TASK DETAILS |
Give back every record verbatim, but not the pictures.
(SUPPLIED DATA)
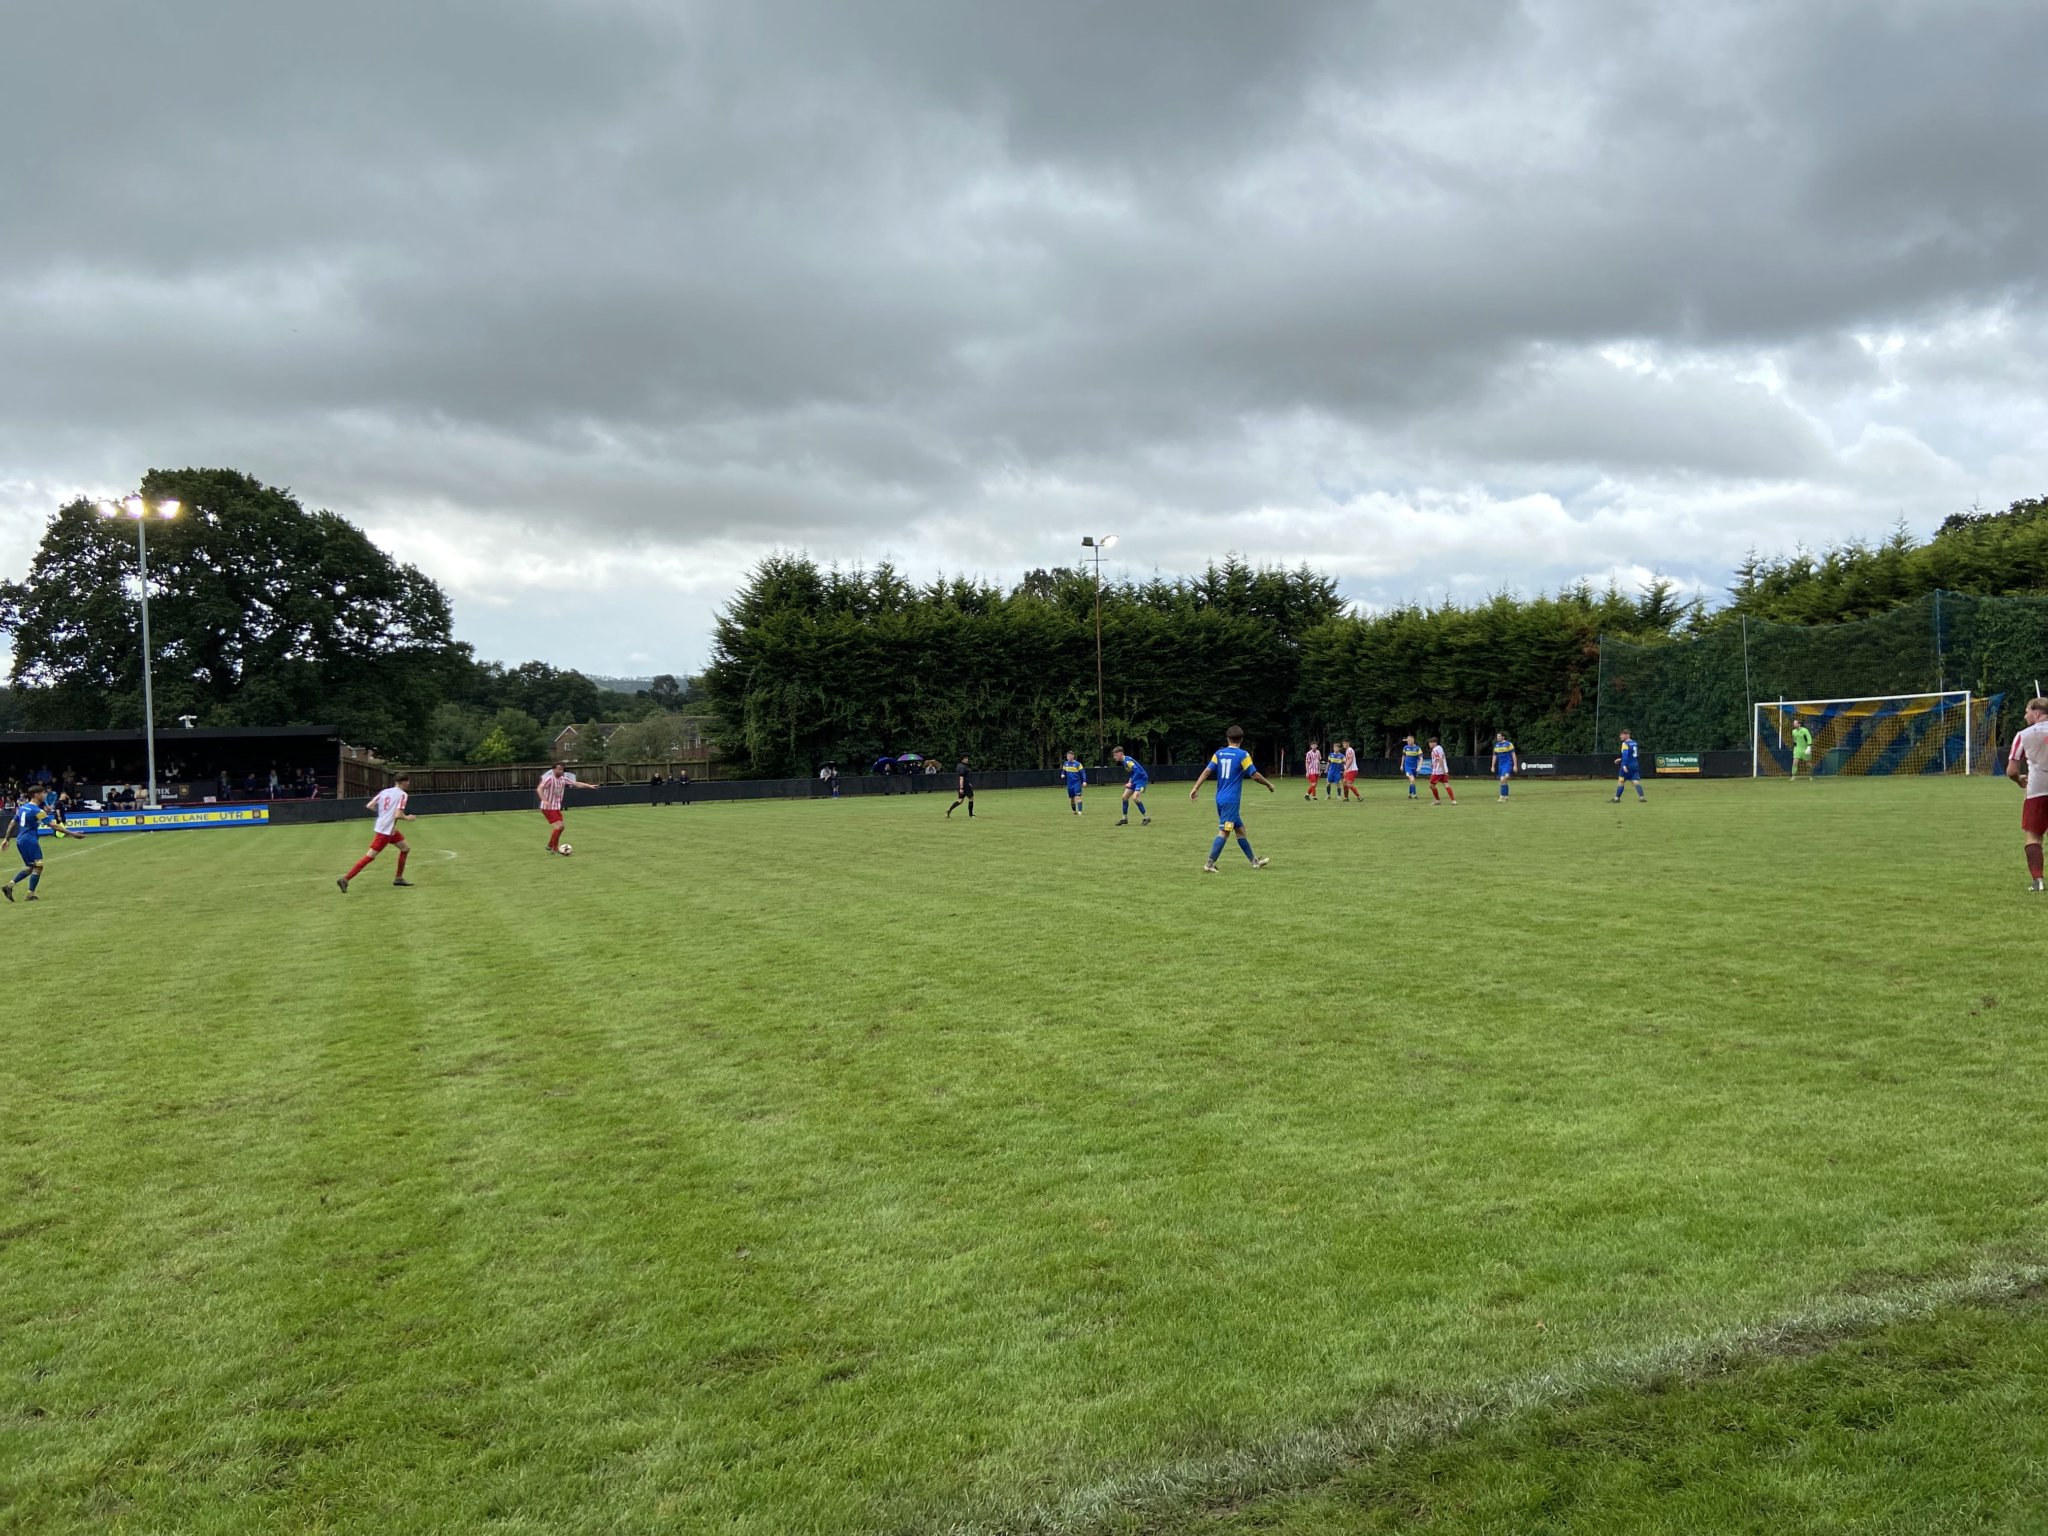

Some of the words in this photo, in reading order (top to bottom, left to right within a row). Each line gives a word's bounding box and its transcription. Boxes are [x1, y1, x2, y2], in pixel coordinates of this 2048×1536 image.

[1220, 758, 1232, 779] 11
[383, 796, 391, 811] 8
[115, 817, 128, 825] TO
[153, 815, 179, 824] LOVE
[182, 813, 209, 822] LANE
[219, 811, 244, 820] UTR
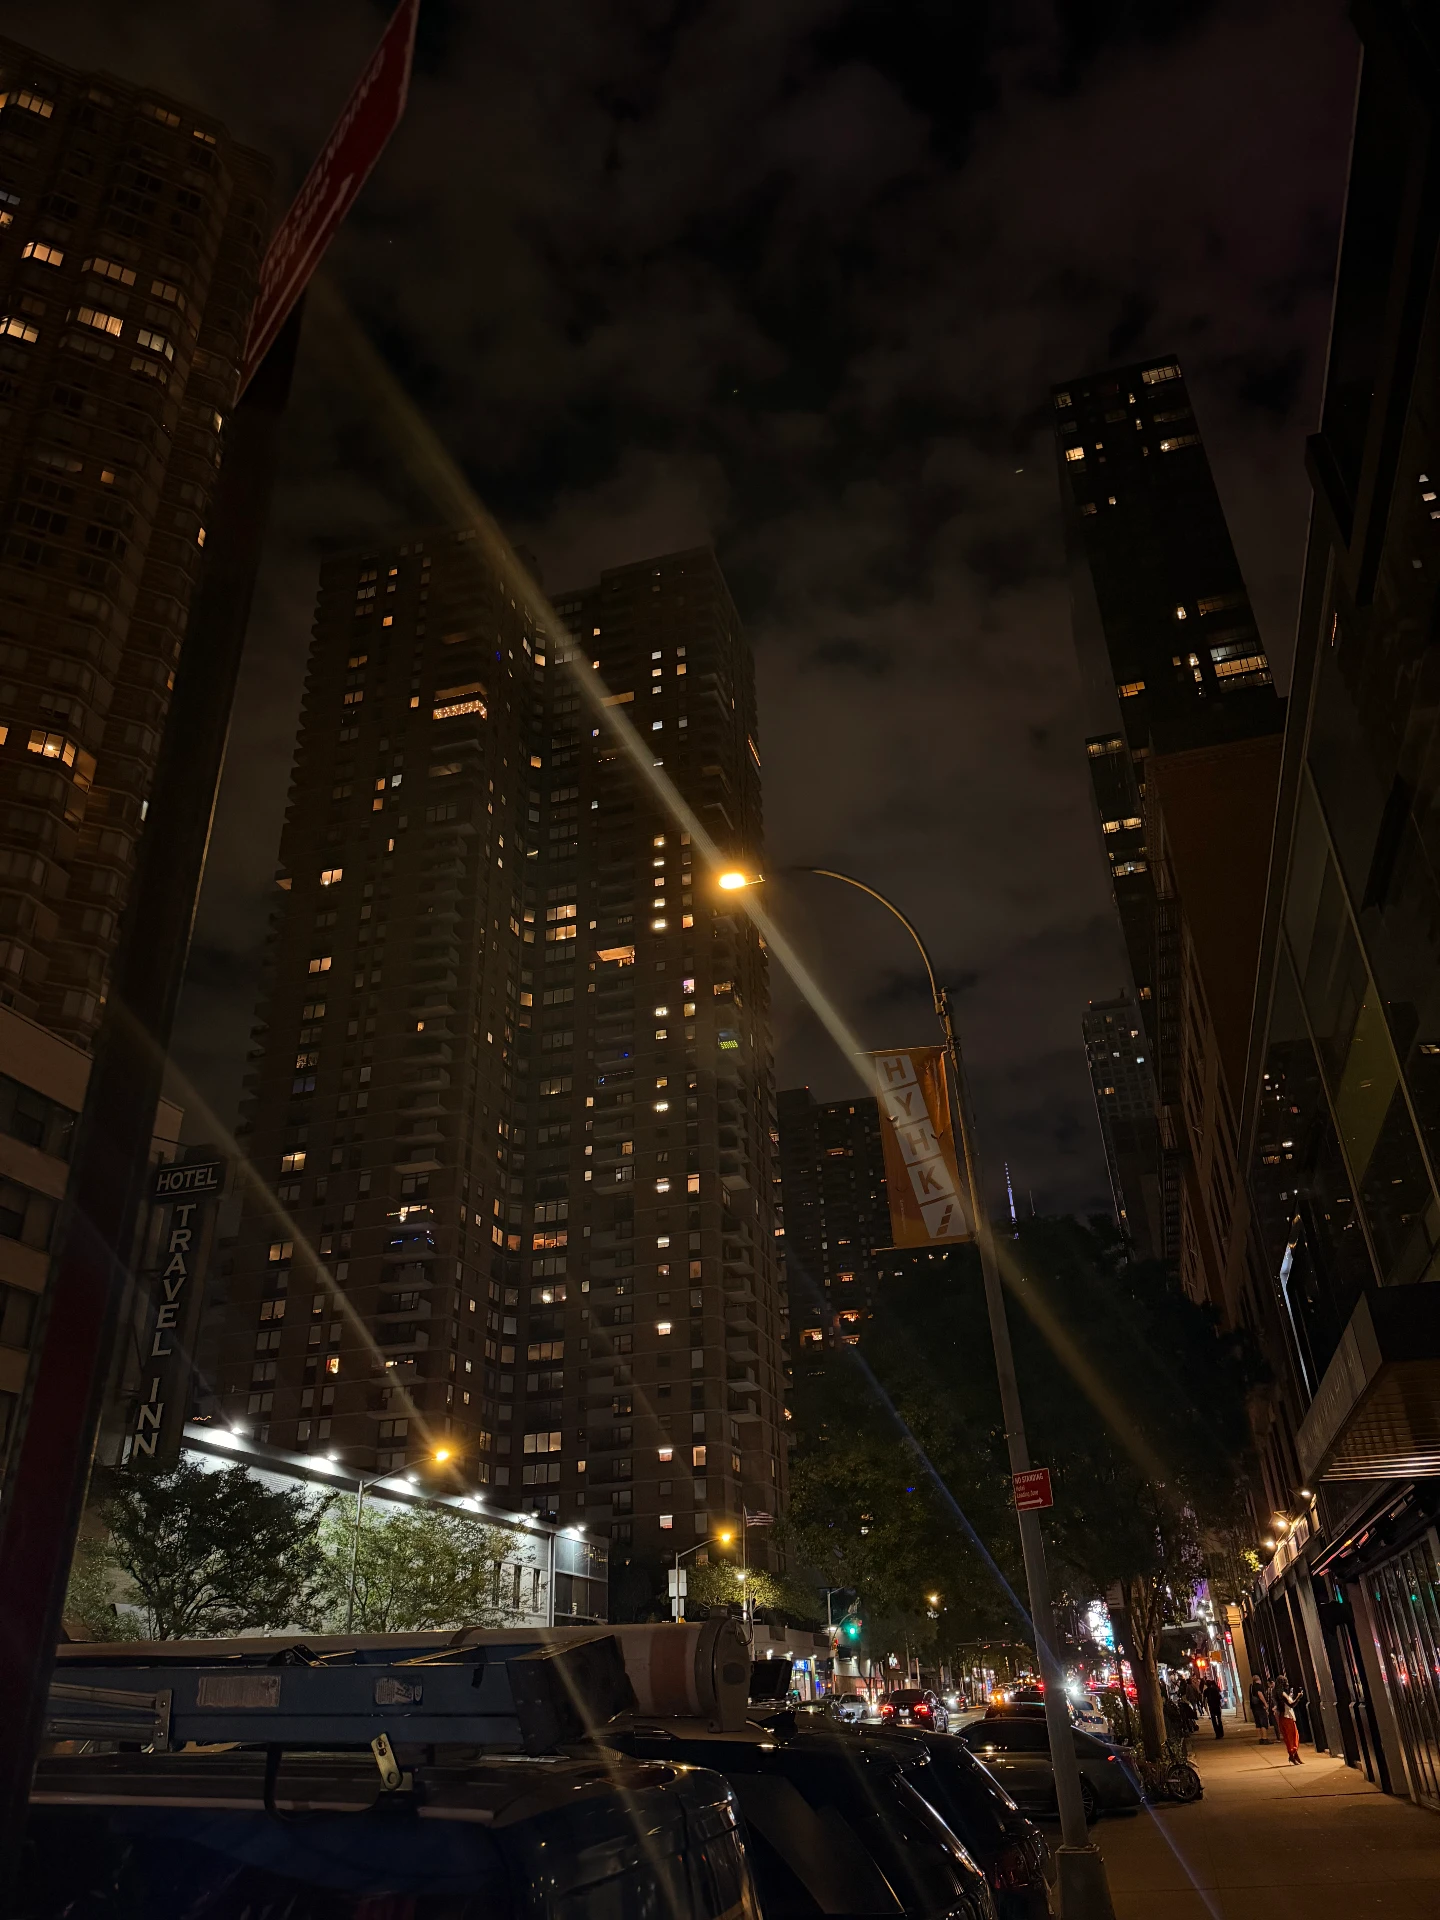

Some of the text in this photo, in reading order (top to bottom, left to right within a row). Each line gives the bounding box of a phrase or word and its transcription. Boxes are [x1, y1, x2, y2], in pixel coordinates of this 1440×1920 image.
(End SUPPLIED DATA)
SOLUTION TO THE PROBLEM |
Some of the words in this photo, in reading order (top to bottom, left to right within a row). Each line gives a word's bounding box and its transcription. Boxes are [x1, y1, x2, y2], in pixel coordinates of this 2048×1536 image.

[1220, 758, 1232, 779] 11
[383, 796, 391, 811] 8
[115, 817, 128, 825] TO
[153, 815, 179, 824] LOVE
[182, 813, 209, 822] LANE
[219, 811, 244, 820] UTR

Some of the text in this photo, in reading order (top to bottom, left to right within a row). Each line gives the bounding box of a phrase or word and its transcription. Boxes are [x1, y1, x2, y2], in pixel coordinates of this 1440×1920 image.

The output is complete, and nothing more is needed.